A Collaboration between Agri-Science Opportunities and TEACCH at UNC

The Carson Project Mission Statement

“To facilitate transitions for individuals with high-functioning ASD to independent adulthood in a structured and supportive agricultural environment that leads to certification and/or employment opportunities and careers paths.”

The collaboration is between the private and public sector to create a vision that adapts today’s reality and tomorrow’s needs for high-functioning ASD young adults. It acknowledges changes in our economy, our workplace and world. The project treats each individual, educator, professional, parent and caregiver as a consumer so that the outcomes meet the needs of the consumers. It requires total community support, while holding each stakeholder accountable. It represents a direction, a hope, a commitment to place high-functioning ASD adults on a path of support so that they experience “meaningful and stable employment in predictable and rewarding work environments” (“Teacch autism program,” 2013).

The five pillars that will support this collaboration are : Safety, Resources, Services, People, and Quality. Within each pillar are specific goals for each individual, objectives and measures that are designed in collaboration with TEACCH and Agri-Science for each individual. As a result, initiatives and projects result in direct support of the goals and objectives.

These pillars are currently in alignment with the Models of Support already established within the UNC TEACCH Autism Program: “One-to-One Placement, Mobile Crew, Group Shared Support Site, and Standard Placement” (“Teacch autism program,” 2013).

Currently, UNC’s vocational opportunities include Manufacturing, Food Service, Office or Clerical, Landscaping, Grocery or Warehouse, Libraries, and Janitorial Services. Including the Agri-Science component creates another added value. As Temple Grandin has taught us through her 30 years of research and autism advocacy, “animals think in pictures and notice more details in their environment than most humans do” – except for the ASD population. This project would  make her research a reality, provide superior training in modern-day agriculture, ensure young adults have an opportunity to gain necessary employability skills, add to economic growth, and give hope to many families and students who feel trapped by their teen or young adult’s ASD diagnosis. It would naturally incorporate sensory-motor needs on a daily basis. As you know, fear stops these teens from performing in the same way fear stops cows from doing particular tasks. If we know these things to be true, then an agricultural environment naturally takes into account the special needs automatically.

The Carson Project Vision

The Vision of the Carson Project is to train people with high-functioning ASD to work as consultants in food, water, and energy production, innovative marketing strategies, cattle genetic advancements, agri-science education and technology,  and research that improves the human condition worldwide.

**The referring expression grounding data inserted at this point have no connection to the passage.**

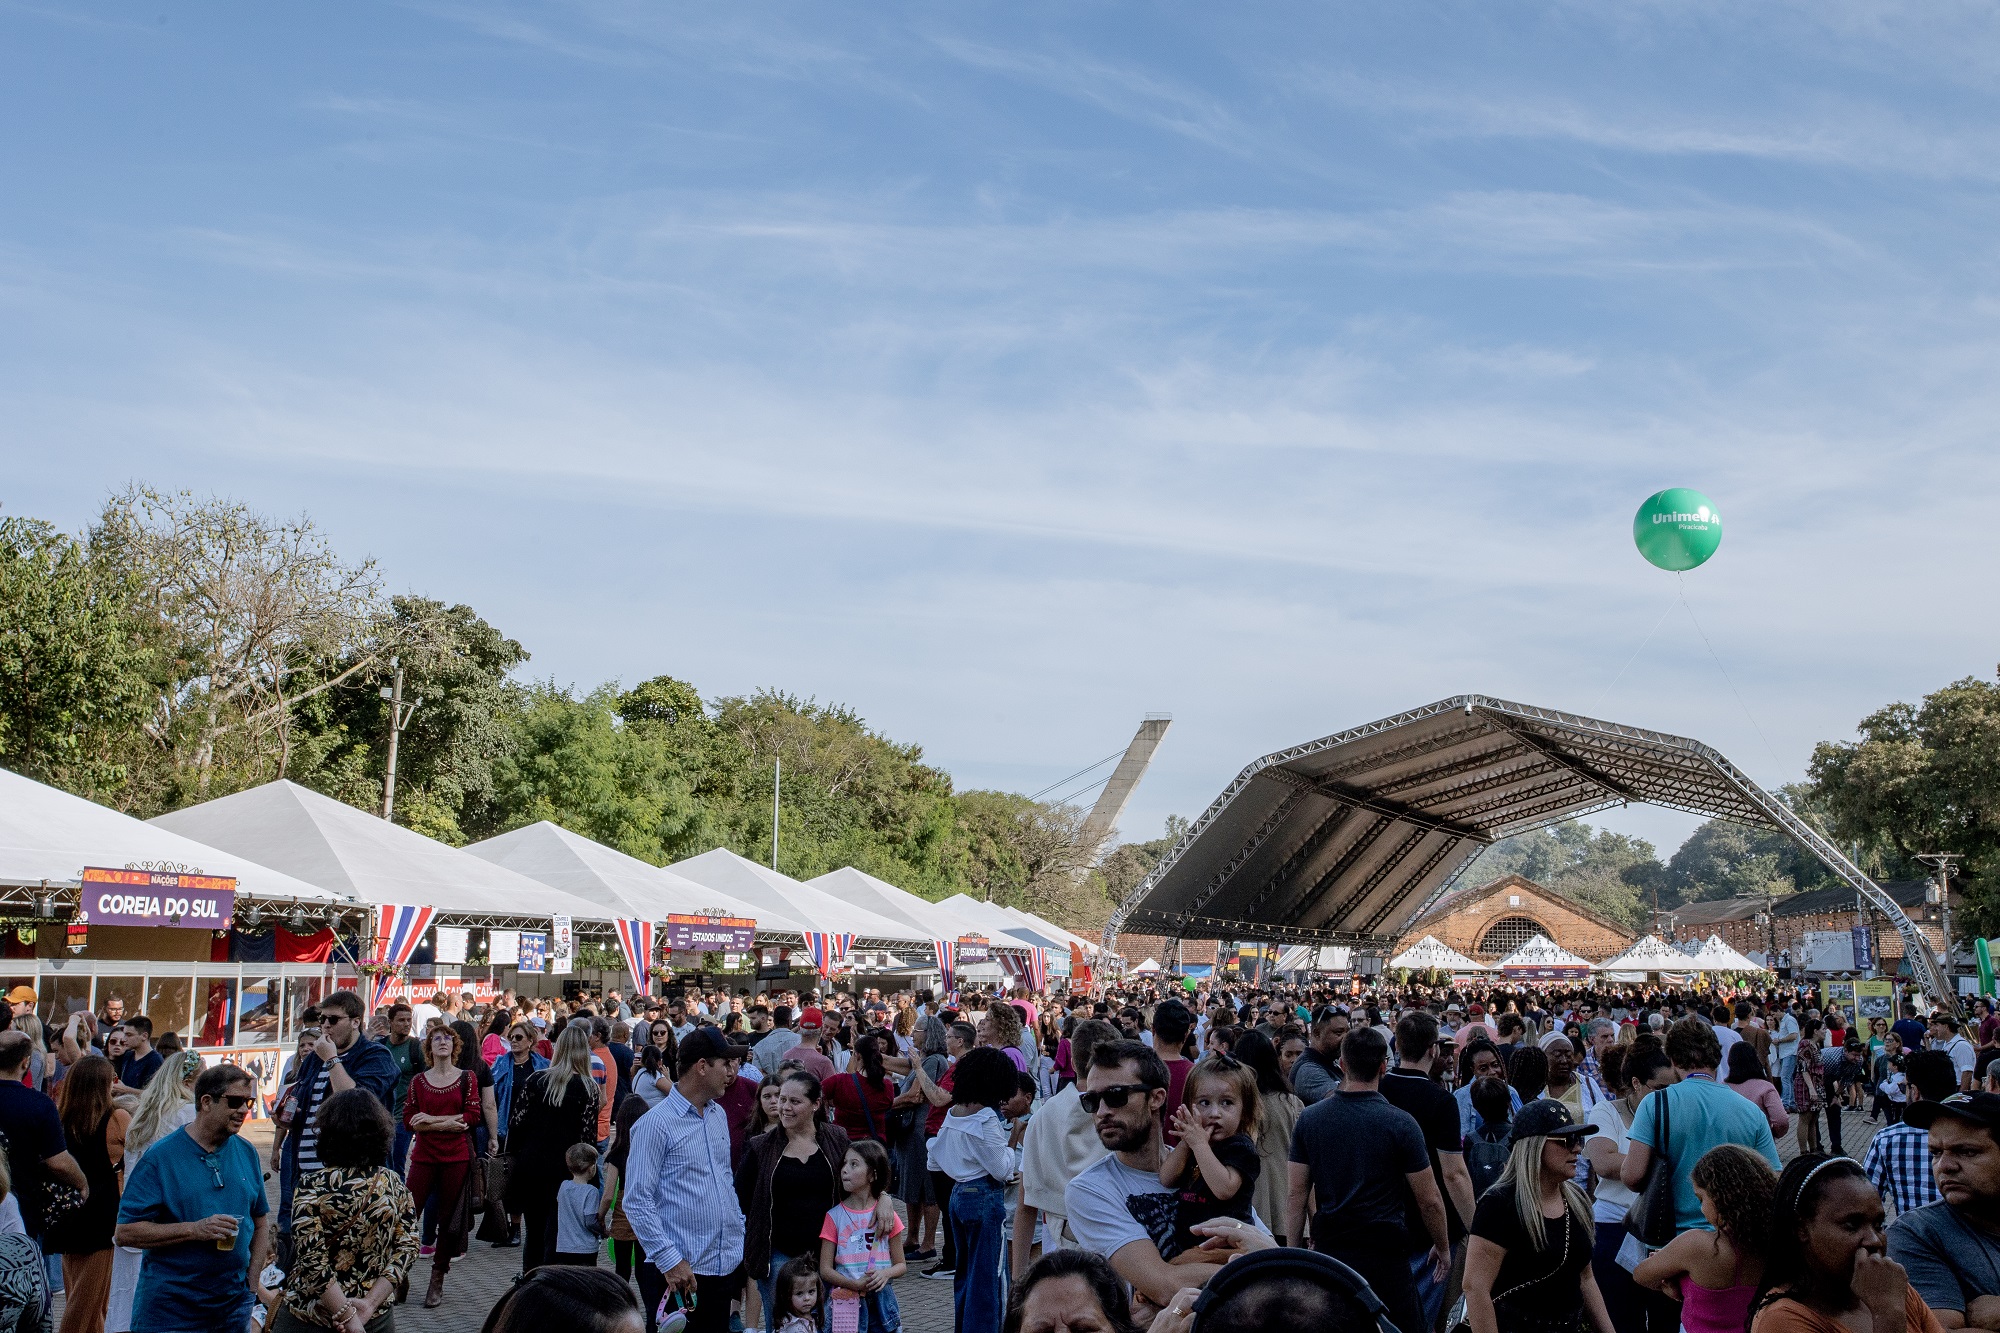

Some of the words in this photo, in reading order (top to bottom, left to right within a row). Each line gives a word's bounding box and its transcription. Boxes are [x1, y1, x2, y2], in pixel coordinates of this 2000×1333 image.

[150, 874, 178, 886] NAÇÕES
[99, 893, 161, 916] COREIA
[164, 897, 188, 917] DO
[191, 899, 220, 918] SUL
[691, 931, 715, 942] ESTADOS
[715, 933, 734, 943] UNIDOS
[960, 947, 976, 957] ESTADOS
[976, 947, 988, 957] UNIDOS
[411, 986, 438, 998] CAIXA

Since the economy, energy, technology, and the food condition are changing rapidly, the private industry of Agri-Science Opportunities envisions the possibility of training high-performing workers to utilize information, solve real world problems, and become an integral part of the agri-science industry. The project is modeled after its predecessor in the Denmark, “Specialisterne (the name means “the specialists”) founded by Thorkil Sonne. His company trains people with autism as specially skilled employees who are sent out as hourly consultants to companies to do data entry, assembly work and other jobs that many workers would find tedious and repetitive” (Tachibana, 2009). In this country,  Aspiritech, a non-profit Chicago company, “trains high-functioning autistics as testers for software development companies” (Tachibana, 2009).

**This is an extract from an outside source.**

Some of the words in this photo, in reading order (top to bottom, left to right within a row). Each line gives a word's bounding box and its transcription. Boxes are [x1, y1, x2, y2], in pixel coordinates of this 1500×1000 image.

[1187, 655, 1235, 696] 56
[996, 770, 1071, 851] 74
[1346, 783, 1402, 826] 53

While the overall field of agriculture is considered the second most dangerous type of work, it is not limited to the use of machinery or 1000 pound animals. It is diverse, requires specific skills and encompasses specific technology. In Temple Grandin’s book Developing Talents, she writes, “Society loses out if individuals with autism spectrum disorders are not involved in the world of work, or make other kinds of contributions to society” (Grandin, 2004).

Agri-Science Opportunities needs reliable people for web design, highly specialized accounting, plumbing for water sources, electricians for general and specific purposes, farm repairs, unique landscaping, research, graphic design and commercial art, engineering design for farming, and consulting. These types of businesses are highly specialized, need creative problem solving, and use visual thinking skills. UNC TEACCH is the link to helping high-functioning ASD people manage their sensory systems and other challenges that a work environment poses. The following is a link from the Nantucket Project: It is a video of distinguished experts, founders, and advocates for ASD people in the workplace. Carly Fleishmann, author and autism advocate, is the special guest. She is completely non-verbal, but is able to communicate extensively through technology. She is accompanied by her support person, Howard Dela. I add this reference to prove the importance of creating opportunities for this population.


The initial high priority needs are as follows:

  • Bridge the gap for high-functioning Asperger an AD/HD young adults between high school and college.

  • Create an alternative one-to-one teaching/training/mentoring experience for students to gain specific expertise.

The existing one-to-one model that is in place through UNC-TEACCH would be the standard of the supported internship and/or employment. The program would in effect be a tripod system. A student team would comprise a student specialist from the NC State Agricultural Department who applies for this specific internship program through a collaboration formed between Agri-Science Opportunities, UNC TEACCH and N.C. State Agricultural department. It is a direct fit with Agri-Science Opportunities structures, the model of one-to-one support from UNC- TEACCH which includes a personal job coach, and offers NC State students expanded unique opportunities in agriculture and shaping the future of another human.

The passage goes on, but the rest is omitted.